Geneviève Schmidt a animé sur le 220 volts, et les lauréats ont livré des discours sentis, mais le 22e Gala Québec Cinéma a eu la lourde tâche d’intéresser un public qui n’a pas vu plusieurs des films. Pour une bonne raison : certains ont à peine pris l’affiche…

Le monologue d’ouverture

« C’est sûr que je suis un peu nerveuse et fébrile », a dit d’entrée de jeu l’animatrice Geneviève Schmidt, qui a joué à fond le jeu de cette vraie-fausse nervosité, ricaneuse et très (trop ? ) expressive, après un sketch d’ouverture où elle doutait pendant son jogging de l’à-propos de sa présence au Gala Québec Cinéma. Sur scène, elle était comme on dit branchée sur le 220 (volts), donnant à ce début de soirée un élan vivifiant. Le contraire de « la sobriété et la retenue » qu’elle a promises avec ironie. « Sur 12 mois, les cinémas ont été fermés trois ans ! », a-t-elle d’ailleurs ironisé, en parlant de cette année difficile pour le cinéma québécois et tous ces films – à l’instar de Souterrain, qui vient de prendre l’affiche –, dont les sorties ont été maintes fois repoussées. Son ton était tour à tour bon enfant (jamais grinçant) et exalté, quitte à être too much. Mieux que d’être ennuyeuse !

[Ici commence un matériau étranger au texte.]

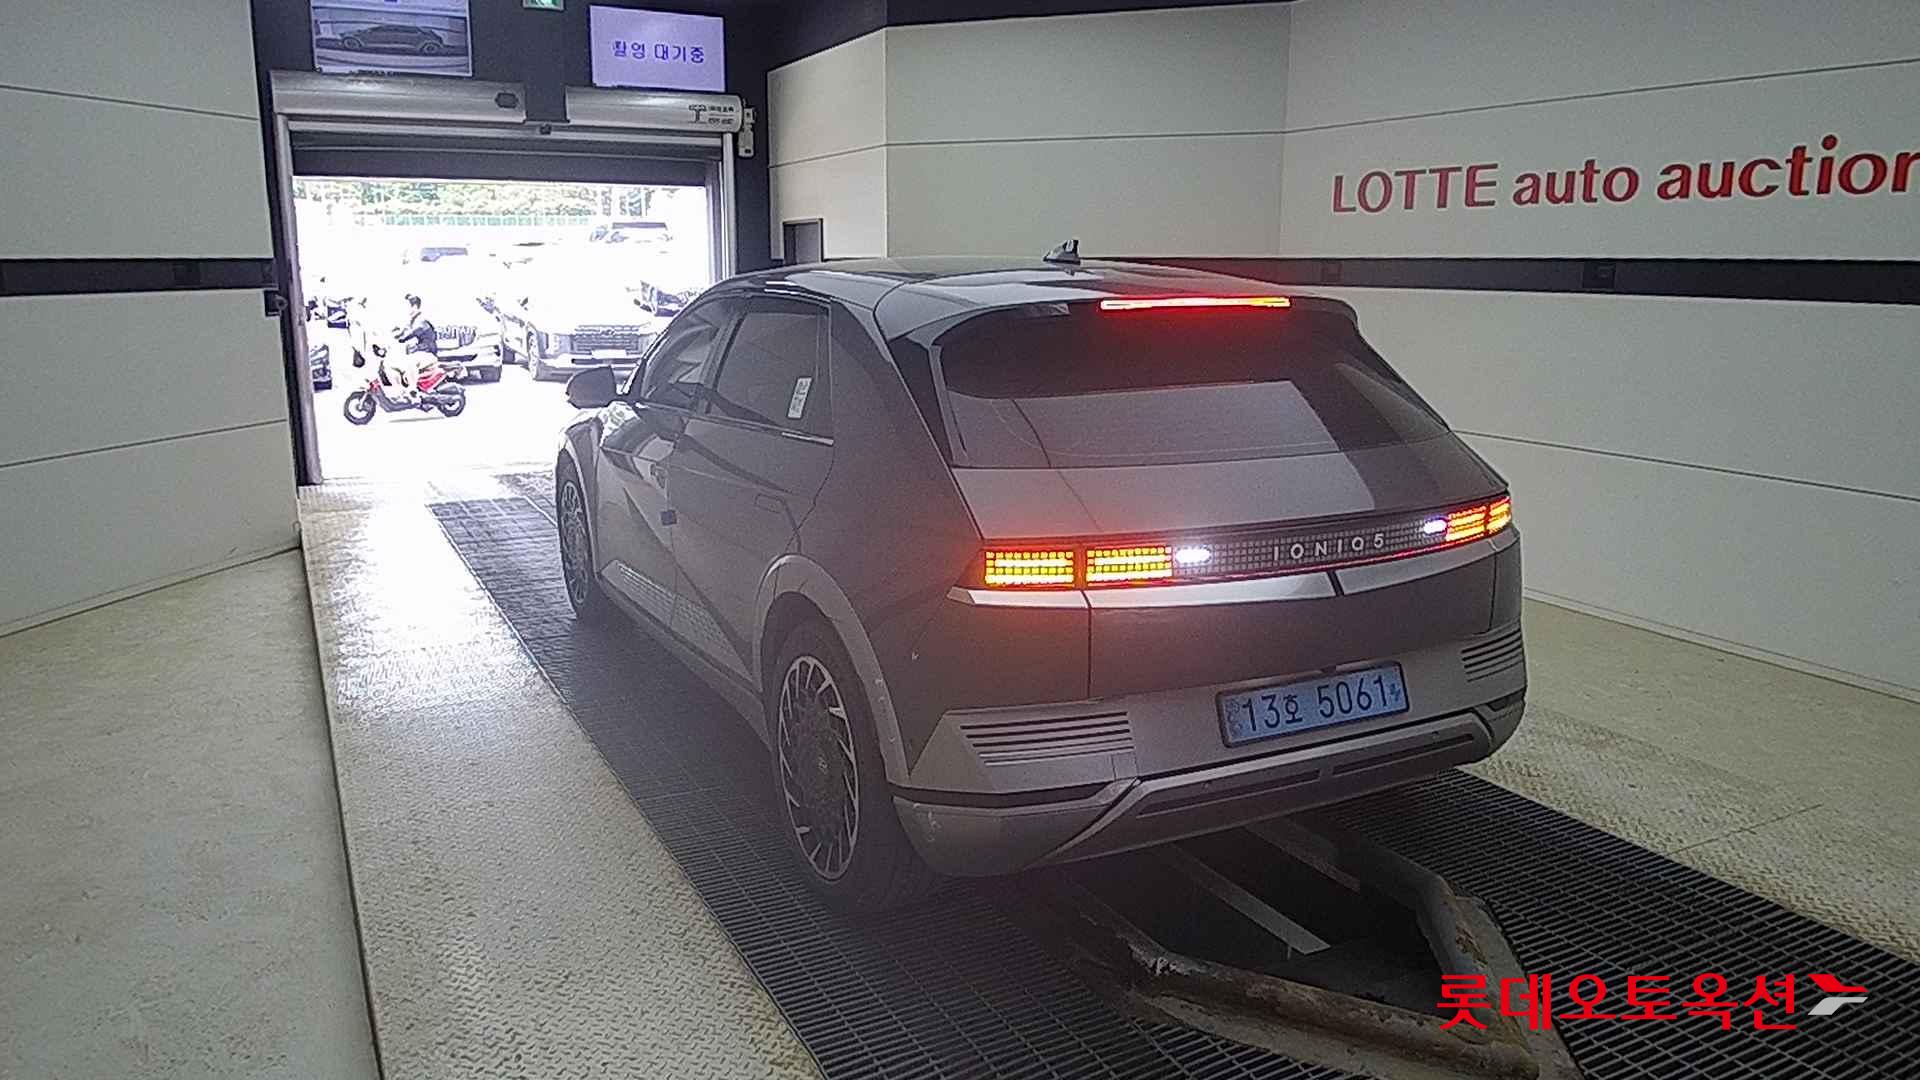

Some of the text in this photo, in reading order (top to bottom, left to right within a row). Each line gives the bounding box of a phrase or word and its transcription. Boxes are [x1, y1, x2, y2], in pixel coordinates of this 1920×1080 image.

Caroline Néron, émue et émouvante

PHOTO ERIC MYRE, FOURNIE PAR RADIO-CANADA

Caroline Néron

Elle était particulièrement émue et émouvante, Caroline Néron, en allant cueillir son prix (absolument mérité) de la meilleure interprétation féminine dans un rôle de soutien. « Tu vois : on peut tomber, se relever et réaliser de grandes choses », a-t-elle dit à sa fille, qui l’accompagnait. « La vie est faite d’épreuves », a-t-elle aussi déclaré, en faisant référence à ses déboires financiers de femme d’affaires, tout en soulignant le « timing » de ce rôle de mère « rock and roll » dans La déesse des mouches à feu et de ce prix, qu’elle a accepté comme un baume. « Tu m’as ramenée sur mon X », a-t-elle dit, émue, à la réalisatrice Anaïs Barbeau-Lavalette, à qui elle a lancé des fleurs bien méritées. « J’ai juste le goût de crier comme toi, Kelly ! », a-t-elle lancé à Kelly Depeault qui, avec ses airs de Natalie Portman habillée en jeune Madonna, a poussé un cri victorieux en remportant le prix de la révélation de l’année.

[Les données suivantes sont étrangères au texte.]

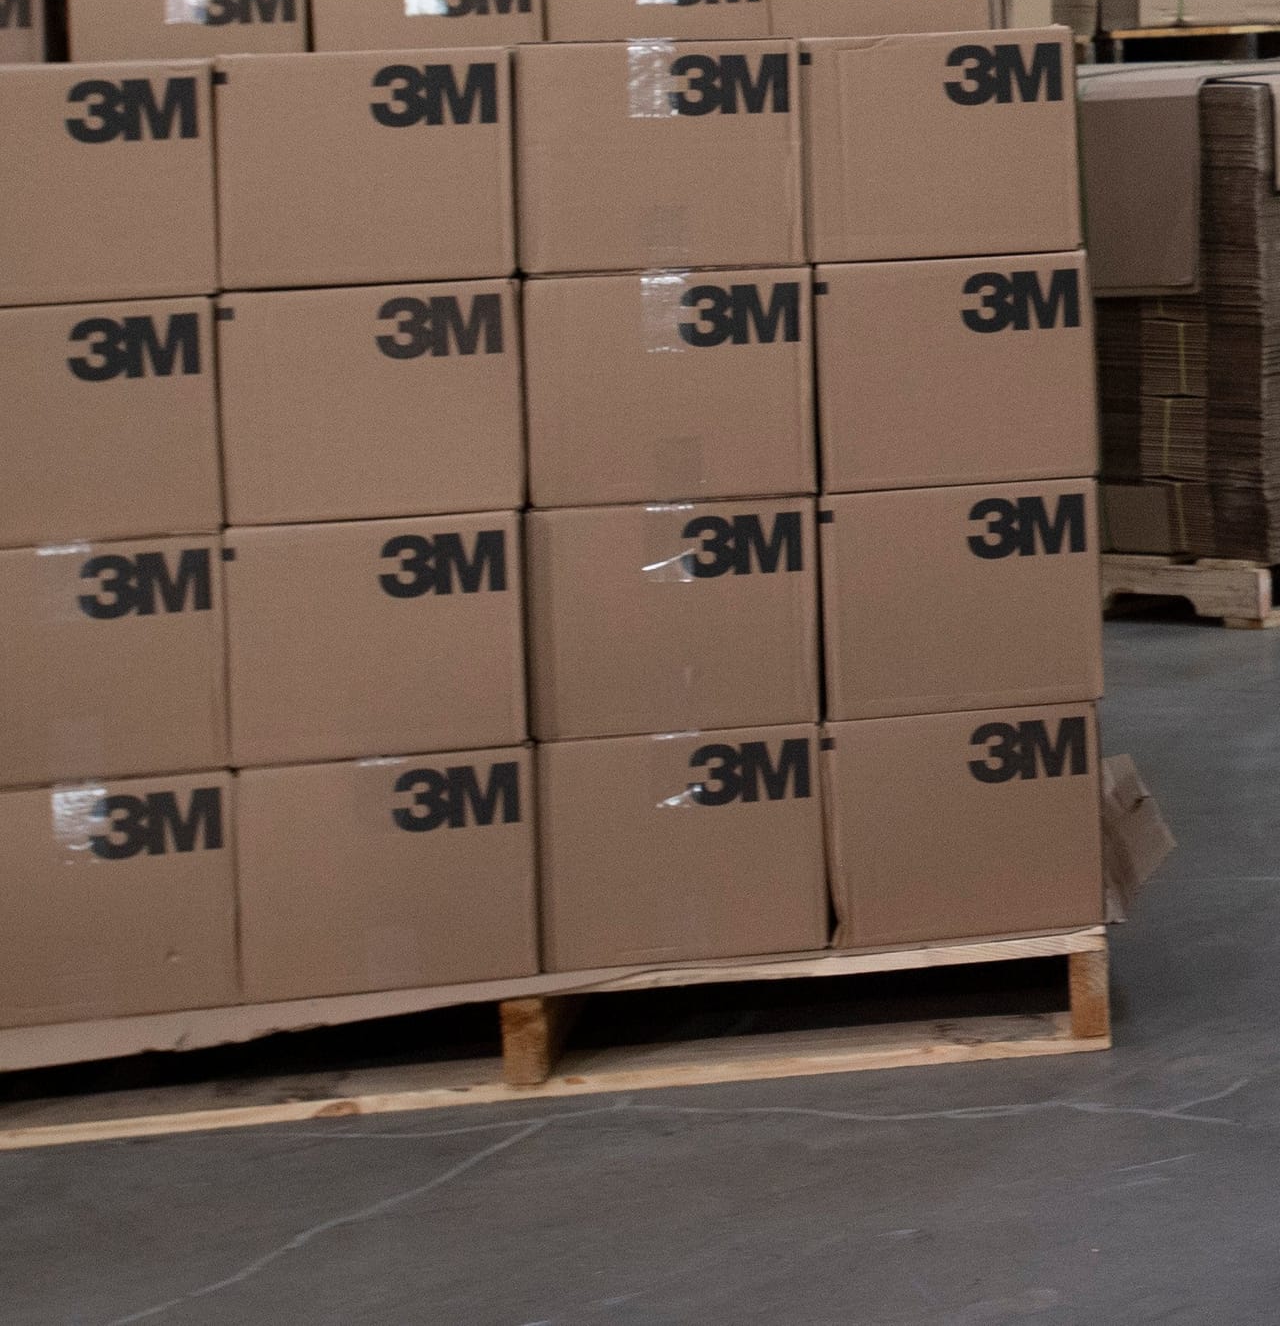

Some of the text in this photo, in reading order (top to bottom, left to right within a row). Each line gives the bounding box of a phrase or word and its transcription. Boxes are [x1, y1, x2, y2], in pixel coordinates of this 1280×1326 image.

Le cri du cœur de Félix Rose

PHOTO ERIC MYRE, FOURNIE PAR RADIO-CANADA

Félix Rose

Les Rose de Félix Rose, qui n’était pas en lice au départ – les documentaires étant exclus de la catégorie –, a finalement remporté le Prix du public. « Merci au public pour cette vague d’amour qui a transporté Les Rose jusqu’au gala, a déclaré le documentariste. C’est la plus belle des reconnaissances. Vous venez d’envoyer un message fort à l’industrie. Le genre documentaire, fondateur de notre cinéma, est populaire. Donnons-lui davantage de visibilité, et ce, dans toutes les régions du Québec. » Rose s’est dit particulièrement ému par l’intérêt porté à son film par les jeunes et a regretté que les cinéastes n’aient pas davantage les moyens de raconter notre histoire. « Aidez-nous à mieux creuser notre passé pour éclairer notre présent », a-t-il ajouté. Il a livré ses remerciements à sa famille – notamment son père, qui lui a transmis le goût du pays – pendant que la musique sur scène se faisait de plus en plus pressante, et a dédié son prix à ses grands-mères et à sa fille, « pour la suite du monde ».

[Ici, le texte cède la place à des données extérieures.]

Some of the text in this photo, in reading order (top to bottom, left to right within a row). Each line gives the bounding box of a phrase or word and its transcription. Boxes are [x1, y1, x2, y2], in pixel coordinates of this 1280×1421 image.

Le discours féministe d’Anaïs Barbeau-Lavalette

PHOTO ERIC MYRE, FOURNIE PAR RADIO-CANADA

Anaïs Barbeau-Lavalette

Toujours aussi éloquente, la lauréate du prix de la meilleure réalisation, Anaïs Barbeau-Lavalette, a livré le discours le plus féministe d’une soirée qui a célébré bien des femmes. On pouvait compter sur elle pour utiliser à bon escient une tribune à la télévision publique. « Nos voix ont pris du temps à émerger, mais elles ont toujours été là, a-t-elle dit, en s’adressant aux femmes et aux filles. Enfin, elles arrivent. On fait des films qui nous ressemblent. On fait des films à notre façon. On a notre façon de diriger des acteurs, on a notre façon de mettre en scène. C’est déstabilisant pour ceux qui nous entourent parce qu’on vient d’arriver. Ne nous transformons pas, et je me parle autant qu’à vous toutes. Le cadre s’adaptera à nous et non l’inverse, et le monde en sera juste plus beau et plus vaste. » En effet.

Une année particulière

PHOTO ERIC MYRE, FOURNIE PAR RADIO-CANADA

Sébastien Ricard

« Mes enfants ont préféré regarder le match plutôt que leur père, et pour cela, je ne les salue pas ! », a dit Sébastien Ricard, sourire en coin, en recevant le prix du meilleur acteur pour Le club Vinland, de Benoit Pilon. Ses enfants n’étaient sans doute pas les seuls à regarder le hockey plutôt qu’un gala célébrant des films qui ont été peu vus au cinéma. À commencer par Le club Vinland, qui reprendra bientôt l’affiche après l’avoir été très brièvement, en raison des règles sanitaires. Nadia, Butterfly, de Pascal Plante, sélectionné à Cannes l’an dernier, a subi le même sort, alors que Souterrain, magnifique film, subtil et émouvant, de Sophie Dupuis (prix du scénario et prix du meilleur interprète dans un rôle de soutien à Théodore Pellerin, dimanche soir), n’a pris l’affiche que vendredi. Difficile, dans les circonstances, de susciter de l’intérêt pour le Gala Québec Cinéma. Espérons mieux pour l’an prochain !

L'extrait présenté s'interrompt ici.